Proposition de feuille de route pour une psychiatrie de précision : vers un cadre diagnostique enrichi par la biologie des troubles mentaux
Marion Leboyer, professeur de psychiatrie (UPEC), Directrice adjointe du Département médico-universitaire de psychiatrie et d’addictologie (DMU ADAPT, GHU H. Mondor, Créteil, AP-HP), Directrice du laboratoire Neuropsychiatrie Translationnelle (IMRB - Inserm U955) et Directrice générale de la Fondation FondaMental.
Le Collège européen de neuropsychopharmacologie (ECNP) a lancé, en collaboration avec un large groupe international composé de psychiatres, de chercheurs, de patients et d’industriels, une initiative d’envergure destinée à transformer les stratégies diagnostiques des maladies mentales. Son objectif : moderniser les méthodes actuelles en y intégrant des données mesurables, objectives et quantifiables, afin de dépasser les limites d’un système encore largement fondé sur la seule description subjective de symptômes comportementaux.
Une « Feuille de route pour une psychiatrie de précision », reflet de cette initiative, a été publiée le 19 juin 2025 dans la revue Molecular Psychiatry. Coordonnée par le professeur Martien Kas, de l’université de Groningen (Pays-Bas), elle pourrait marquer un tournant décisif pour la discipline, à l’image des progrès en médecine de précision accomplis dans d’autres domaines médicaux comme les cancers ou les maladies neuro-dégénératives.
Aujourd’hui, le diagnostic des troubles mentaux repose principalement sur deux manuels de référence : le DSM (Manuel diagnostique et statistique des troubles mentaux, élaboré par l’American Psychiatric Association) et la CIM (Classification internationale des maladies, mise en place par l’Organisation mondiale de la santé). Ces classifications décrivent les troubles mentaux à partir des symptômes observés ou rapportés en clinique. Cependant, cette approche présente plusieurs limites.

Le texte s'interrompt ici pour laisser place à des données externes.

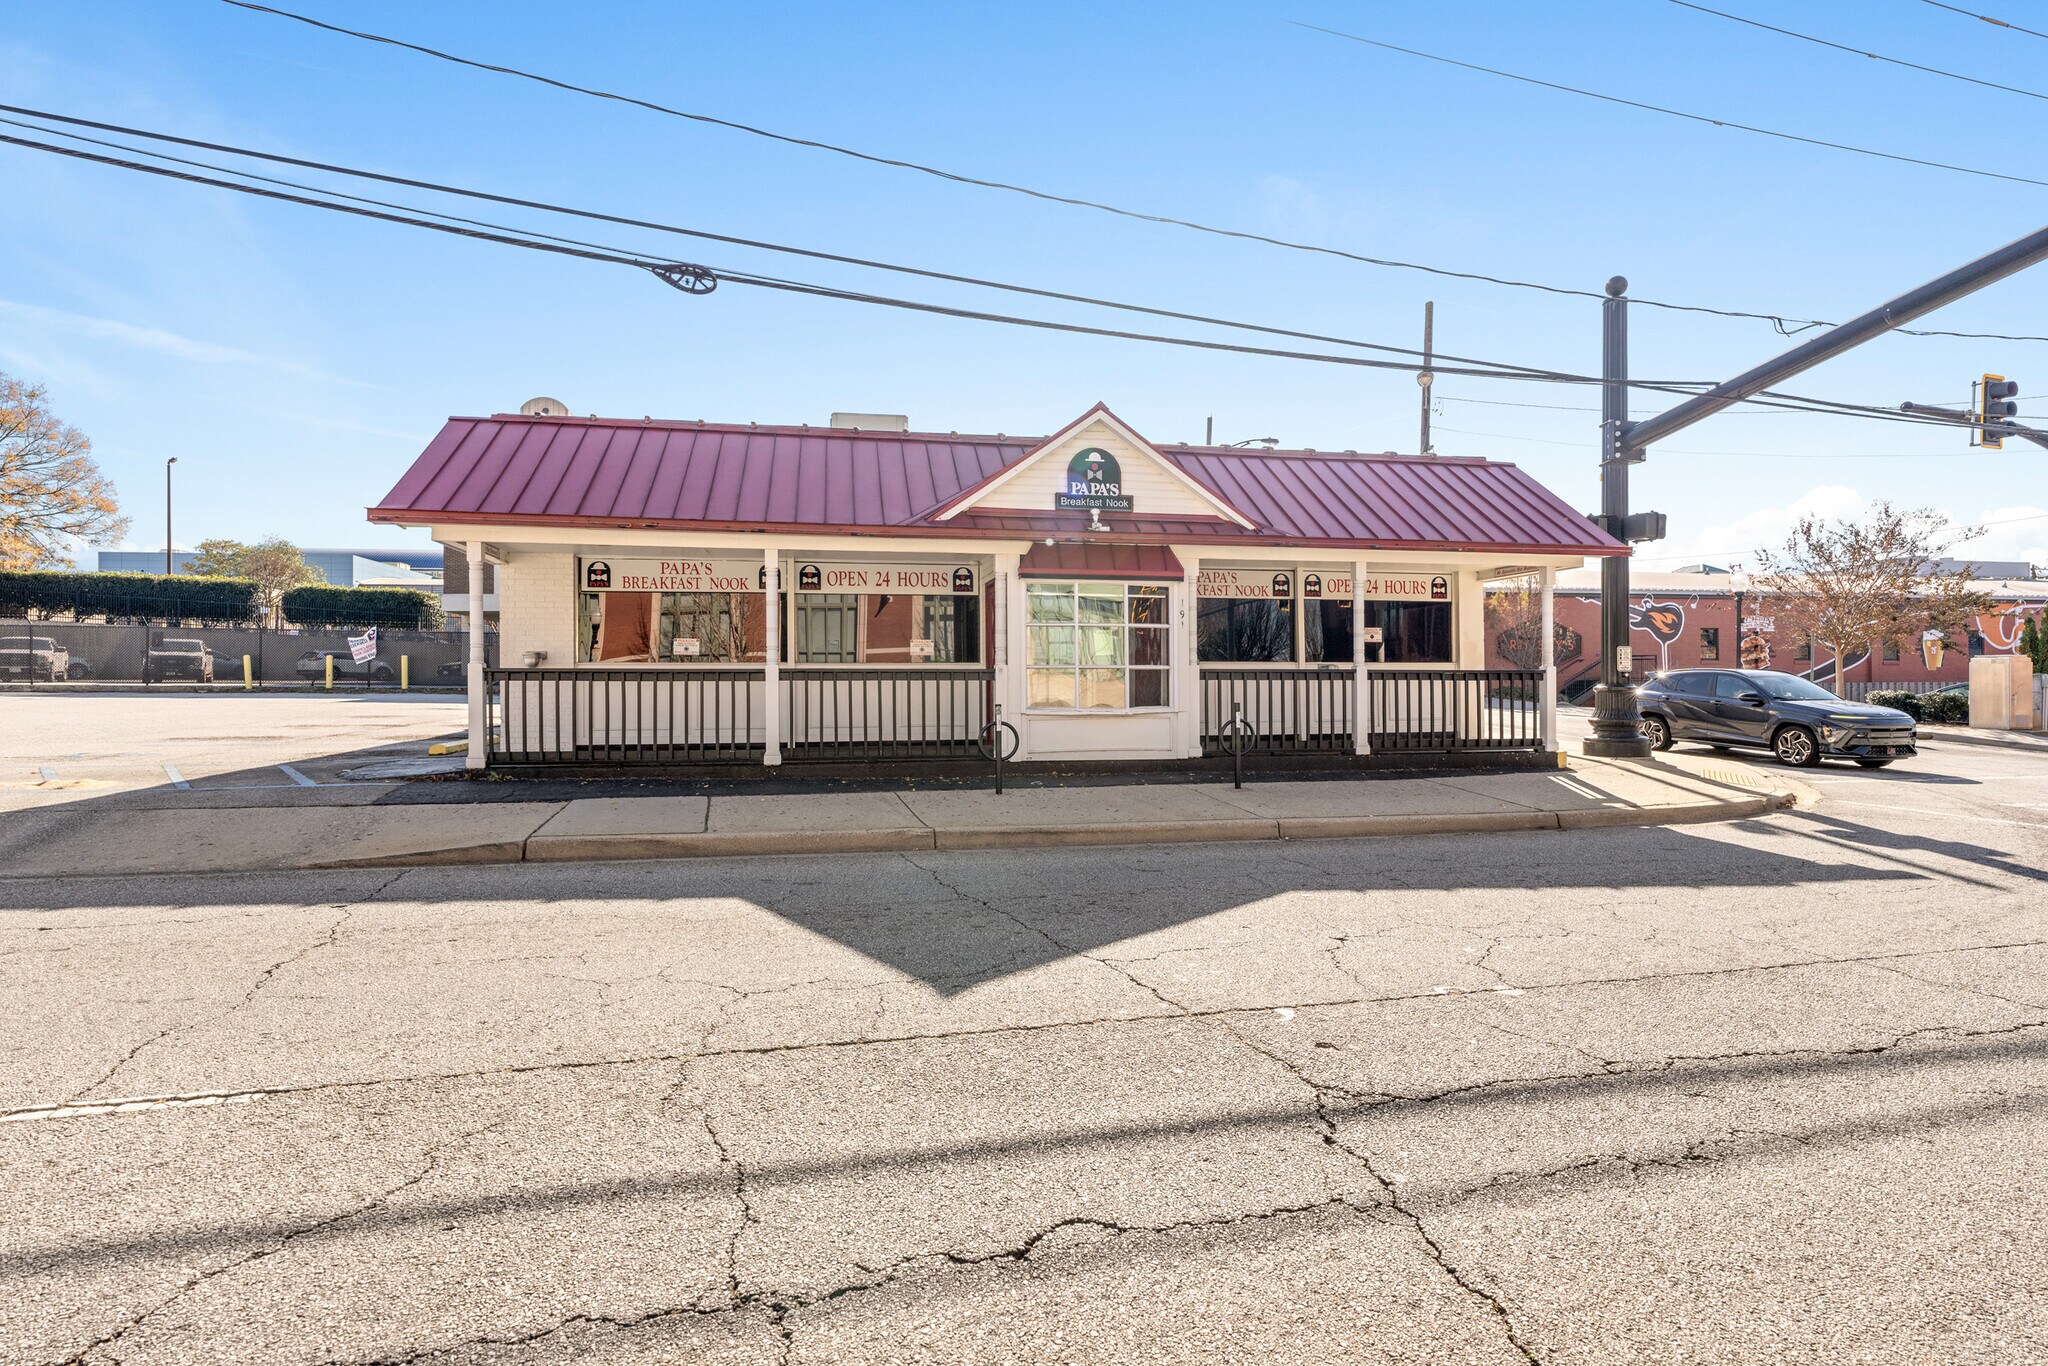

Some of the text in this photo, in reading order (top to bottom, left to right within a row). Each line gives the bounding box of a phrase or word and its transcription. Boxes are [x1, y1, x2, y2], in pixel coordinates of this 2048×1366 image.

[1070, 481, 1120, 496] PAPA'S
[1060, 497, 1129, 508] Breakfast Nook
[660, 562, 713, 576] PAPA'S
[622, 576, 702, 590] BREAKFAST
[710, 577, 749, 590] NOOK
[827, 570, 949, 588] OPEN 24 HOURS
[1197, 571, 1238, 583] PAPA'S
[1235, 585, 1269, 597] NOOK
[1327, 578, 1427, 594] OPE 24 HOURS

Bien que l’utilisation de ces classifications ait amélioré la fidélité des diagnostics entre différents professionnels, les catégories de troubles restent très hétérogènes, chevauchantes et non validées.
Pour dépasser ces obstacles, la feuille de route de l’ECNP propose d’enrichir l’évaluation clinique par des données objectives, quantifiables, mesurables. Cela pourrait inclure des marqueurs biologiques, des examens d’imagerie cérébrale ou d’electrophysiologie, ou encore des données recueillies via des objets connectés — par exemple pour suivre des indicateurs du sommeil, de l’activité physique ou les rythmes de vie. Ces éléments permettraient d’identifier des profils clinico-biologiques spécifiques, afin de mieux adapter les traitements existants et de guider le développement de nouvelles stratégies thérapeutiques.
Ce changement ne se fera pas du jour au lendemain. La feuille de route prévoit une coordination internationale pour aligner les méthodes et les outils, la mise au point de biomarqueurs fiables capables de prédire la réponse aux traitements, ainsi qu’une intégration progressive de ces données dans les grandes classifications internationales comme le DSM et la CIM. L’ambition est de bâtir un cadre souple, évolutif, et capable de s’adapter aux découvertes scientifiques à venir.
Cette feuille de route marque un tournant dans la compréhension et la prise en charge des troubles mentaux. À terme, elle ouvre la voie à une médecine plus précise et plus personnalisée, où chacun pourra bénéficier du bon traitement, au bon moment.